C’è sempre stato un prima e un dopo per te, Mario. Niente terre di mezzo, niente compromessi, zone ambigue. Un taglio netto: prima, dopo.
C’è la tua vita di ragazzo, di studente del liceo Manzoni, che al ginnasio modellava la creta di nascosto, come gioco, come inconsapevole tirocinio, come anelito. E c’è la morte di tuo padre e di tua madre, nel volgere di neppure due anni, nel mezzo dell’adolescenza. Ultimo di quattro figli hai seguito il consiglio di tuo fratello Bruno. Niente creta. Ti sei iscritto alla facoltà d’architettura. “Bisognava che io dessi l’assicurazione di una scelta a mio fratello, che fosse garanzia di un avvenire e di un mestiere” raccontasti. Concreto, pronto al sacrificio. Eri un valligiano, nato ai confini con la Svizzera, intransigente, etico, non moralista. Ci sono i tre anni al Politecnico e la frequentazione di «Corrente di vita giovanile» e di Giacomo Manzù. Poi c’è la guerra. L’8 settembre 1943 non hai avuto dubbi, non hai cercato compromessi. Avevi giurato come tutti per il Re, per la Patria, non per Mussolini, non per Hitler. Chiuso in un carro bestiame ti hanno portato in un campo di deportazione. Due anni di stenti e di fame. Luigi Carluccio era con te, ti ritrasse in un disegno. Il volto smagrito, lo sguardo spento. Tornasti a casa, a cinque anni dalla partenza, che pesavi neppure 44 chili. Per tutta la vita hai avuto problemi col cibo, mangiavi poco, sciapo, l’odore delle rape ti ricordava la prigionia. Ciò che ti tenne in vita, in quei giorni disperati – nei campi tedeschi o polacchi -, fu la volontà. Di diventare quello che dovevi diventare, senza compromessi. Uno scultore.

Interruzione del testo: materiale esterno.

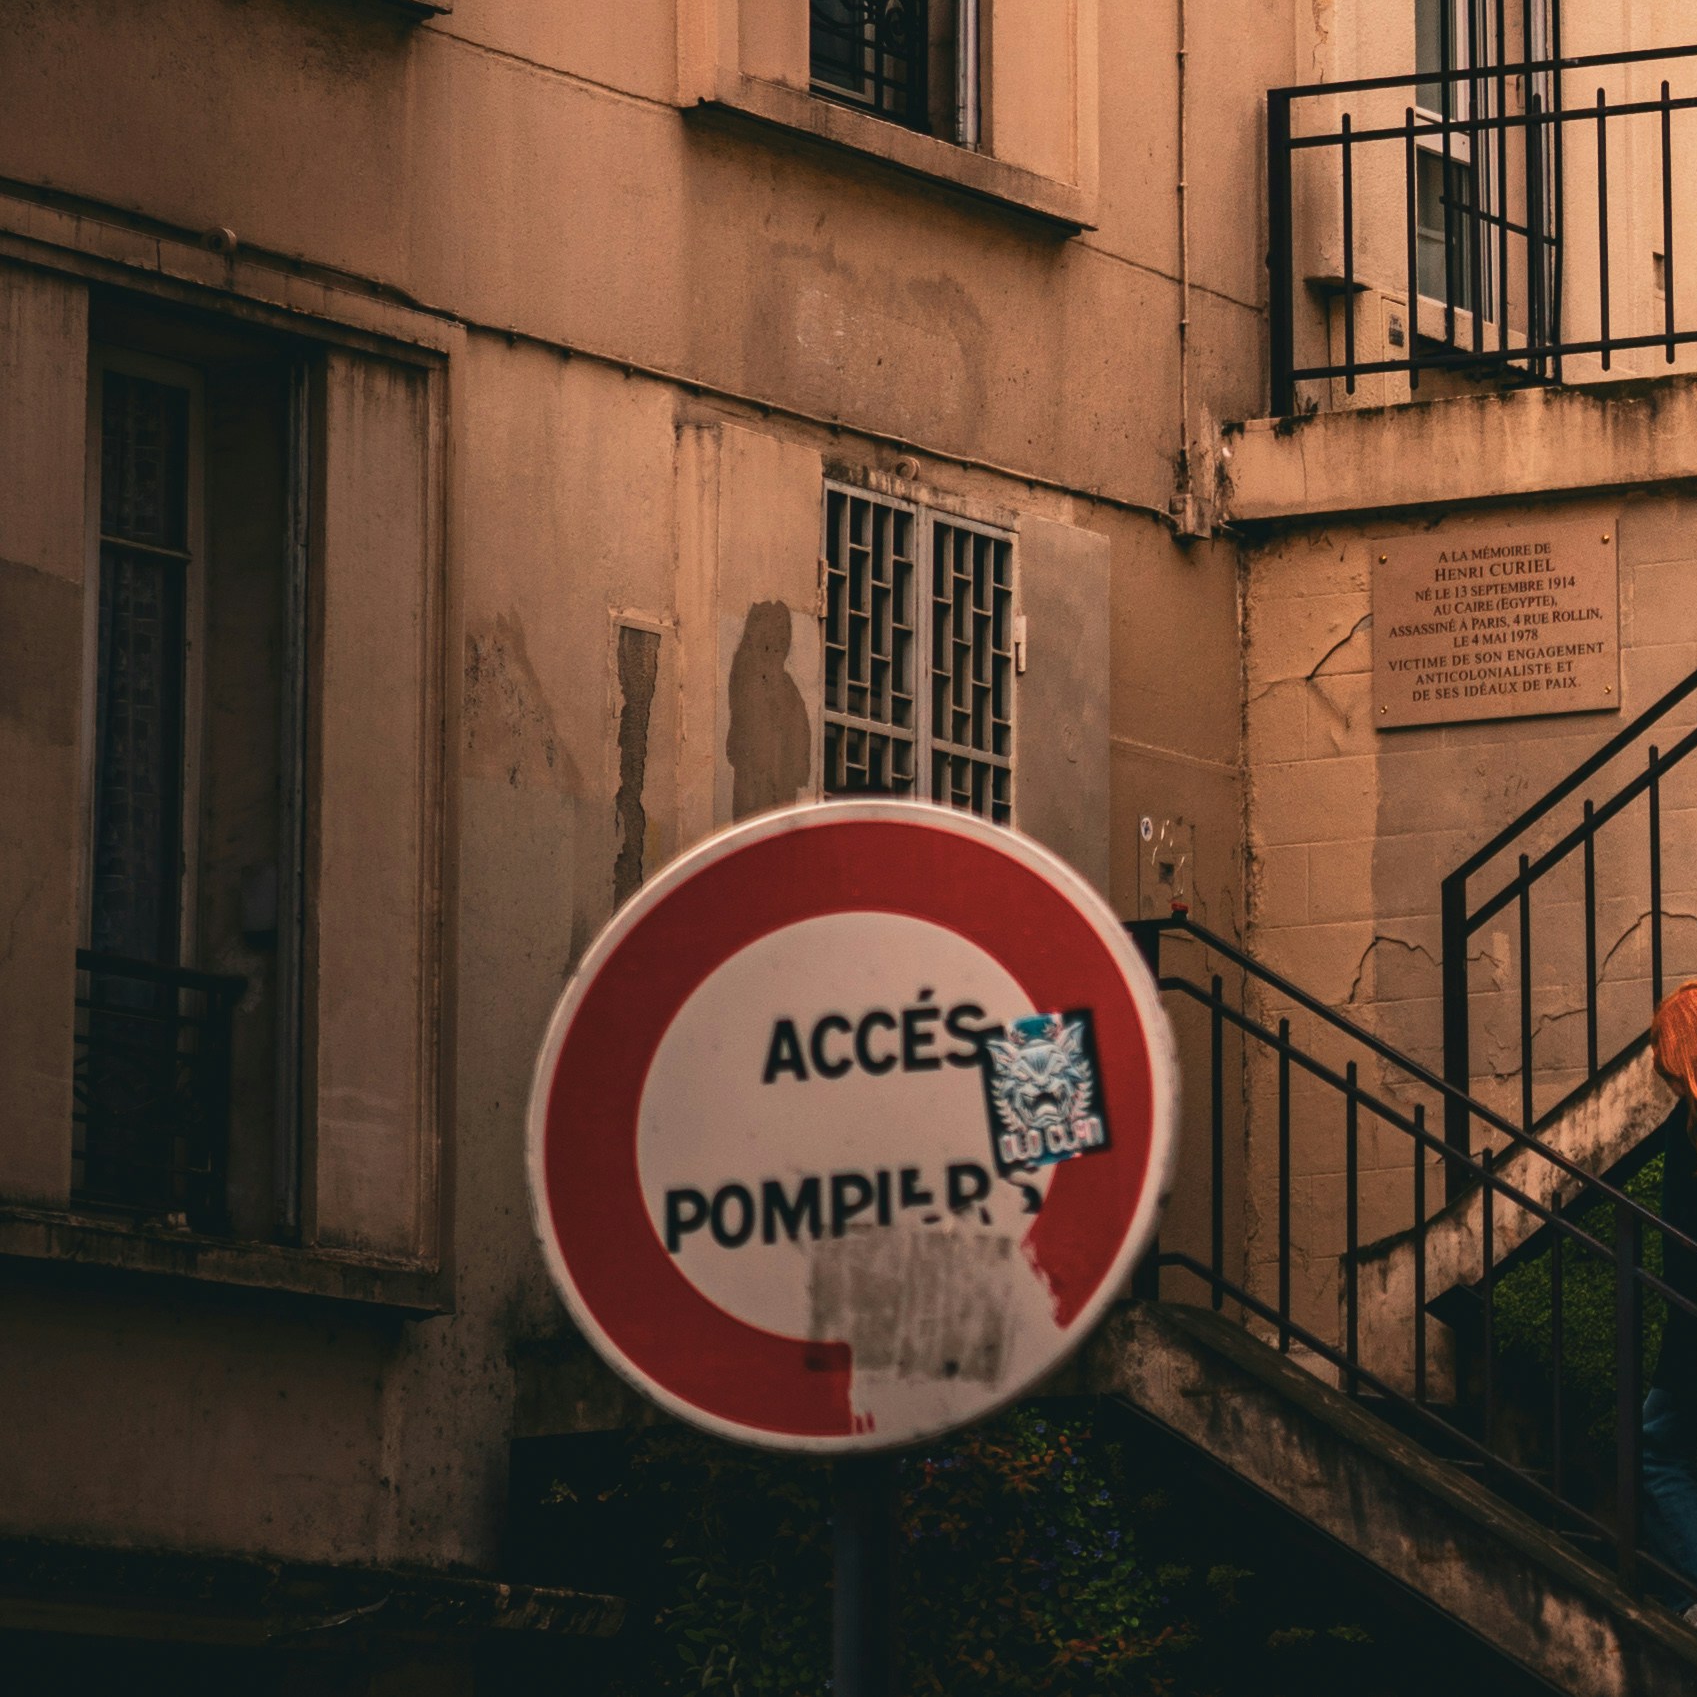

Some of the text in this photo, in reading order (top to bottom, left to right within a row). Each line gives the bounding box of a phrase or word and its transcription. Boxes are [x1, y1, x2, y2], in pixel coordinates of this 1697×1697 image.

[1438, 543, 1552, 563] A LA MÉMOIRE DE
[1434, 558, 1556, 582] HENRI CURIEL
[1415, 575, 1576, 603] NÉ LE 13 SEPTEMBRE 1914
[1433, 603, 1452, 617] AU
[1454, 600, 1494, 615] CAIRE
[1389, 619, 1456, 638] ASSASSINÉ
[1471, 616, 1510, 631] PARIS,
[1513, 614, 1520, 627] 4
[1524, 613, 1549, 626] RUE
[1552, 608, 1603, 623] ROLLIN,
[1454, 629, 1538, 647] LE 4 MAI 1978
[1388, 642, 1604, 671] VICTIME DE SON ENGAGEMENT
[1416, 661, 1574, 685] ANTICOLONIALISTE ET
[1412, 689, 1431, 702] DE
[1435, 687, 1460, 699] SES
[1464, 681, 1518, 697] IDÉAUX
[1523, 679, 1542, 692] DE

Eri di Tirano, Mario, eri un montanaro. “Non rinnego la mia origine di valligiano” dicevi. “Non si può prendere un abete e portarlo nel deserto. Le radici te le porti dentro fino alla fine.” L’arte si imparava dagli artigiani, pensavi. Il mestiere, prima di tutto. Imparavi a usare le mani, a capire la materia, la creta, il bronzo, nelle botteghe. Conoscesti Giuseppe “Pinella” De Andreis, fonditore alla MAF, in via Soperga, diventaste amici al punto che lo seguisti quando anni dopo aprì con i figli la sua fonderia d’arte. Avevi una parola, la rispettavi.
Lavoravi su commissione, scolpivi come un artigiano, non come un artista, perché ancora non ti sentivi degno di questo appellativo. A Lambrugo avevi fatto la tomba di Giancarlo Puecher, partigiano vigliaccamente ucciso appena ventenne negli anni della tua prigionia. E ci sei già, tutto. Ancora non lo sai, ancora non t’è chiaro, ancora ti porti dentro la storia dell’arte, la scultura rinascimentale, l’architettura classica. Ma ci sei. Devi solo trovare la tua voce, farla risuonare nelle tue opere. Anni dopo dirai, sorpreso, di aver cercato per tutta la vita la semplicità. “Ma non credevo che la semplicità fosse così complicata.”